Collection entries
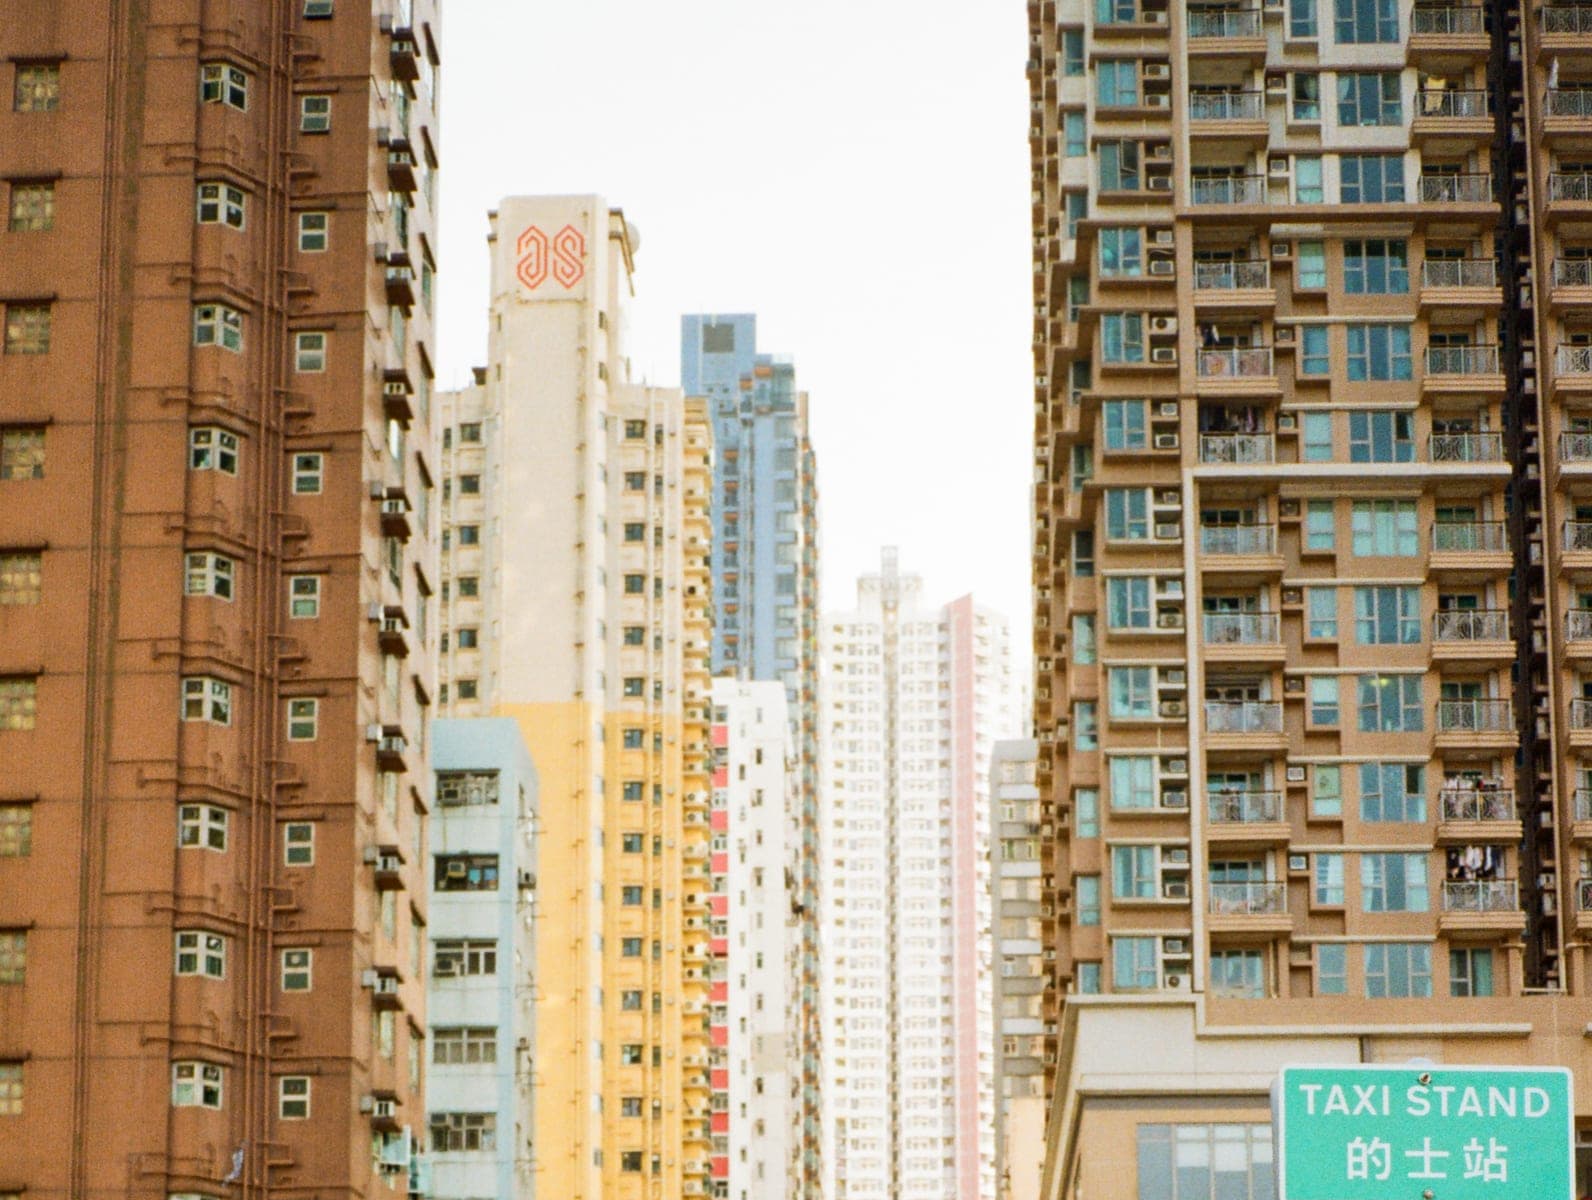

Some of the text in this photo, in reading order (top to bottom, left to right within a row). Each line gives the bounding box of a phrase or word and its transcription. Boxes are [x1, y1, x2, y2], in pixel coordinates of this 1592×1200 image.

[1299, 1084, 1551, 1119] TAXI STAND
[1346, 1136, 1509, 1183] 的士站
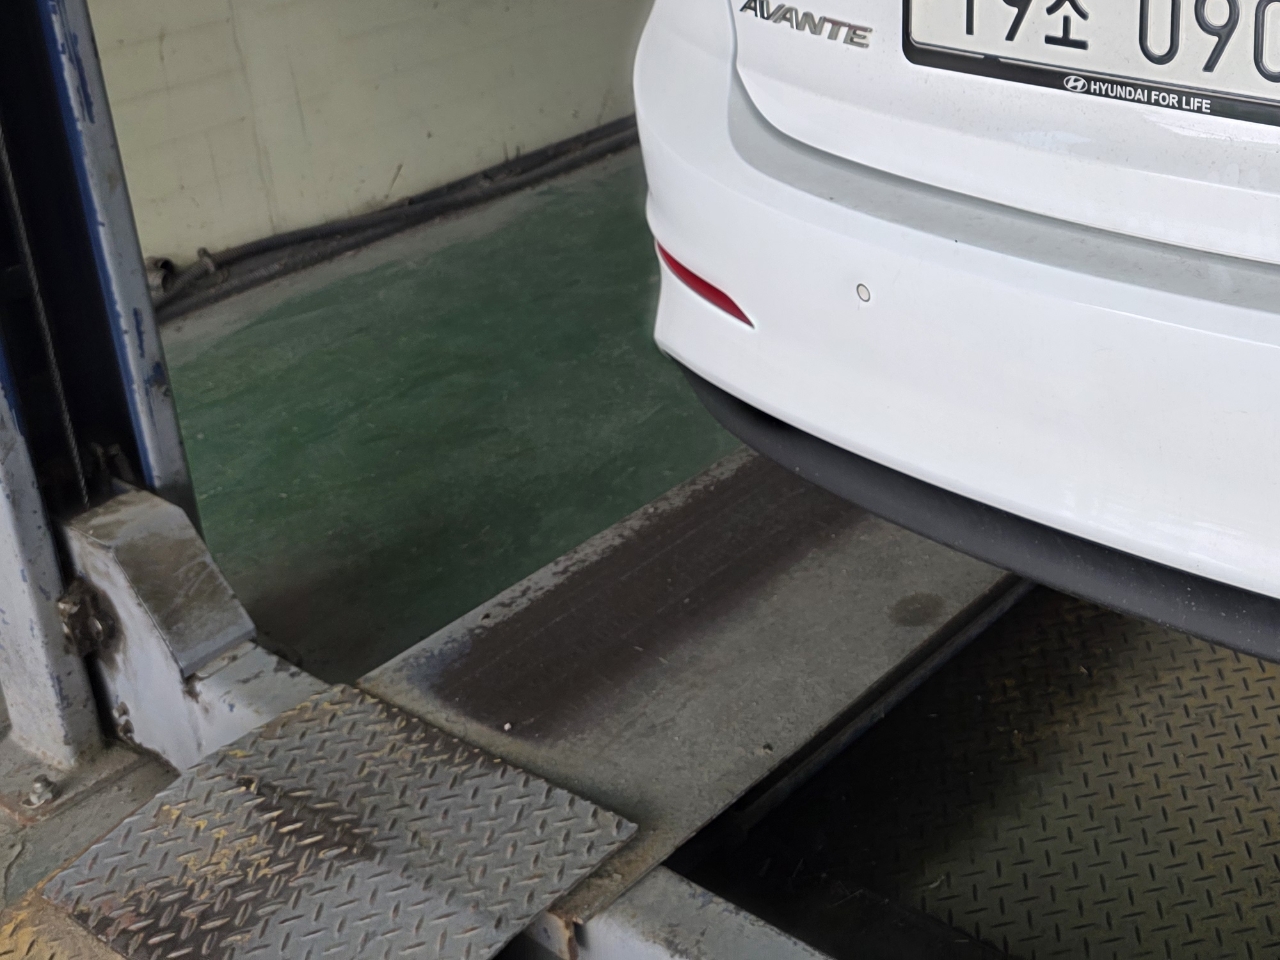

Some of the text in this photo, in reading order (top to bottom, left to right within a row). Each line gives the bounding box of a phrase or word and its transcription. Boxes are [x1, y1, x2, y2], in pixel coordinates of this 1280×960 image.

[1090, 80, 1211, 113] HYUNDAI FOR LIFE
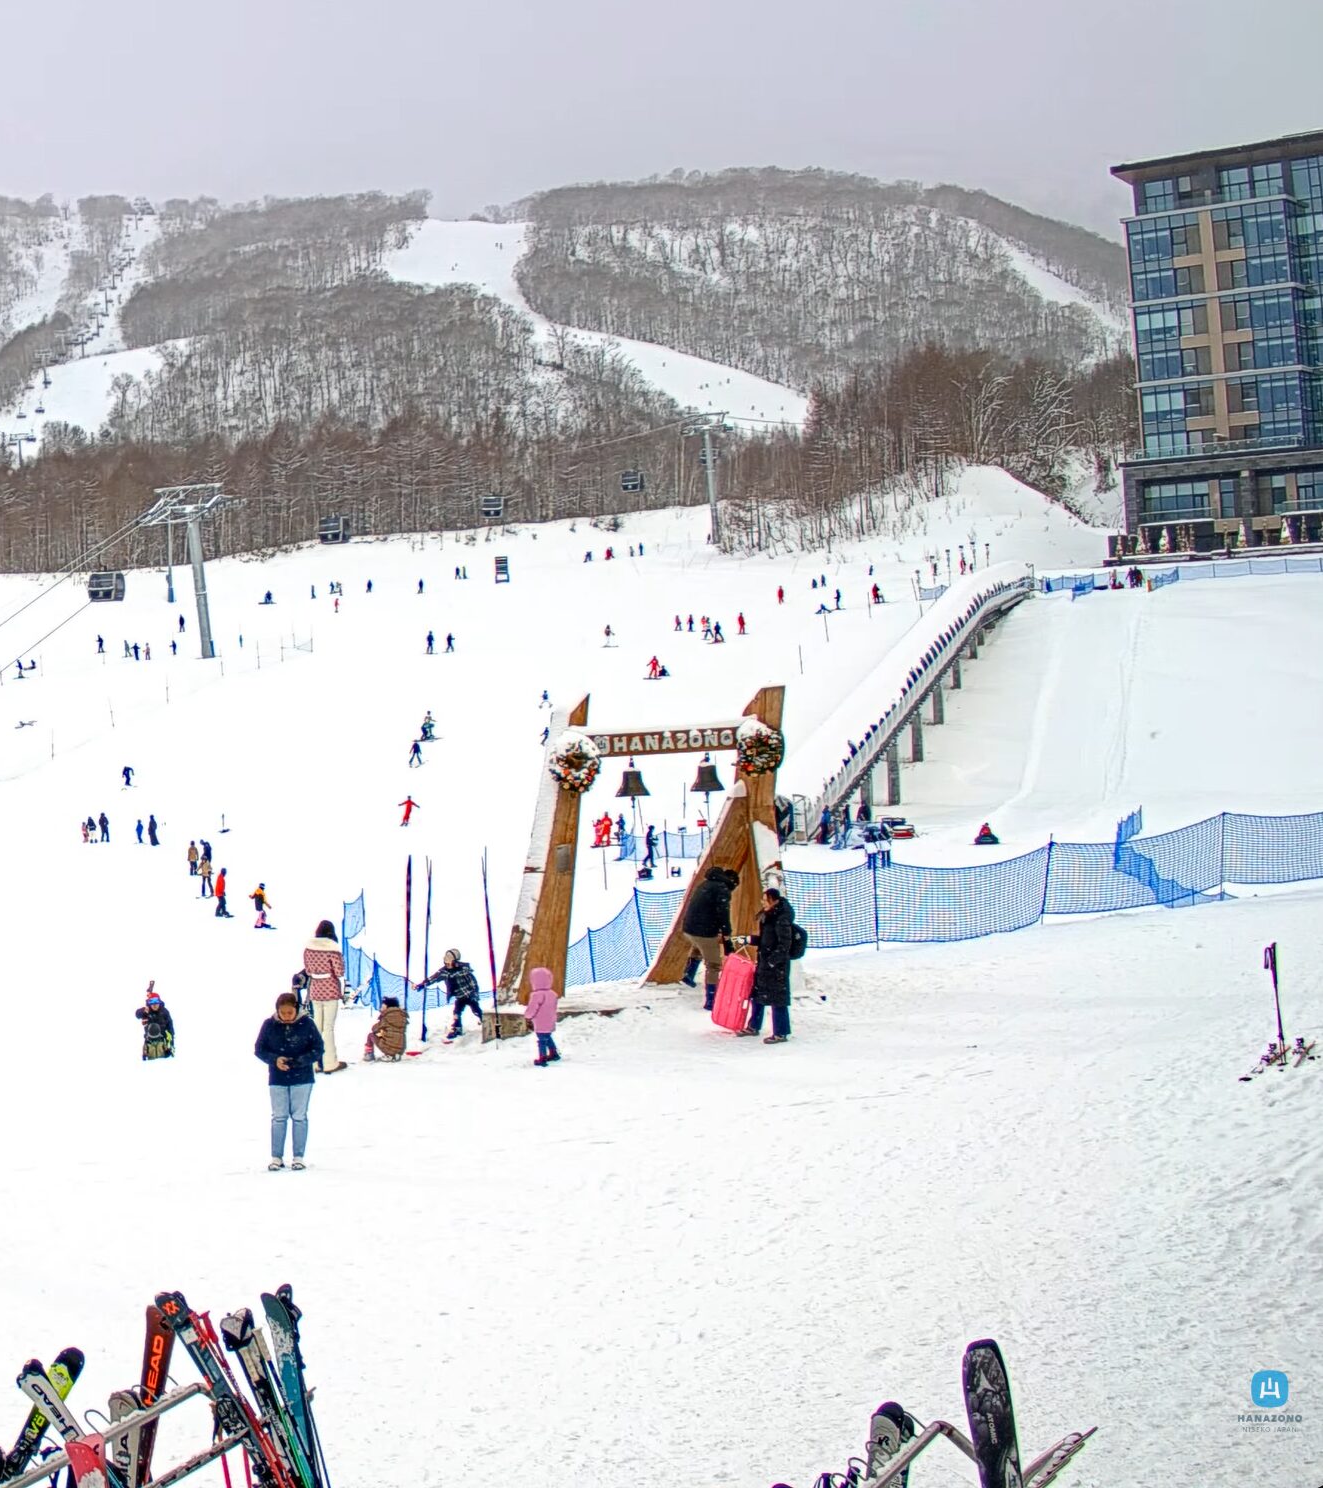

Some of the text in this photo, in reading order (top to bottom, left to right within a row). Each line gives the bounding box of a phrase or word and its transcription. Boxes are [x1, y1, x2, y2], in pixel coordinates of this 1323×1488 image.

[613, 728, 733, 753] HANAZONO
[144, 1335, 164, 1407] HEAD
[986, 1412, 998, 1444] ATOMIC

Directions for this task:
Transcribe every line of the records exactly. Pictures do not belong in the copy.

Exercise answer:
Some of the text in this photo, in reading order (top to bottom, left to right within a row). Each line gives the bounding box of a phrase or word and its transcription. Boxes are [x1, y1, x2, y2], in pixel coordinates of this 1592×1200 image.

[1299, 1084, 1551, 1119] TAXI STAND
[1346, 1136, 1509, 1183] 的士站

Some of the text in this photo, in reading order (top to bottom, left to right within a row). Each line gives the bounding box of a phrase or word and its transcription. Boxes are [x1, y1, x2, y2], in pixel coordinates of this 1280×960 image.

[1090, 80, 1211, 113] HYUNDAI FOR LIFE

Some of the text in this photo, in reading order (top to bottom, left to right within a row). Each line gives the bounding box of a phrase or word and its transcription. Boxes are [x1, y1, x2, y2], in pixel coordinates of this 1323×1488 image.

[613, 728, 733, 753] HANAZONO
[144, 1335, 164, 1407] HEAD
[986, 1412, 998, 1444] ATOMIC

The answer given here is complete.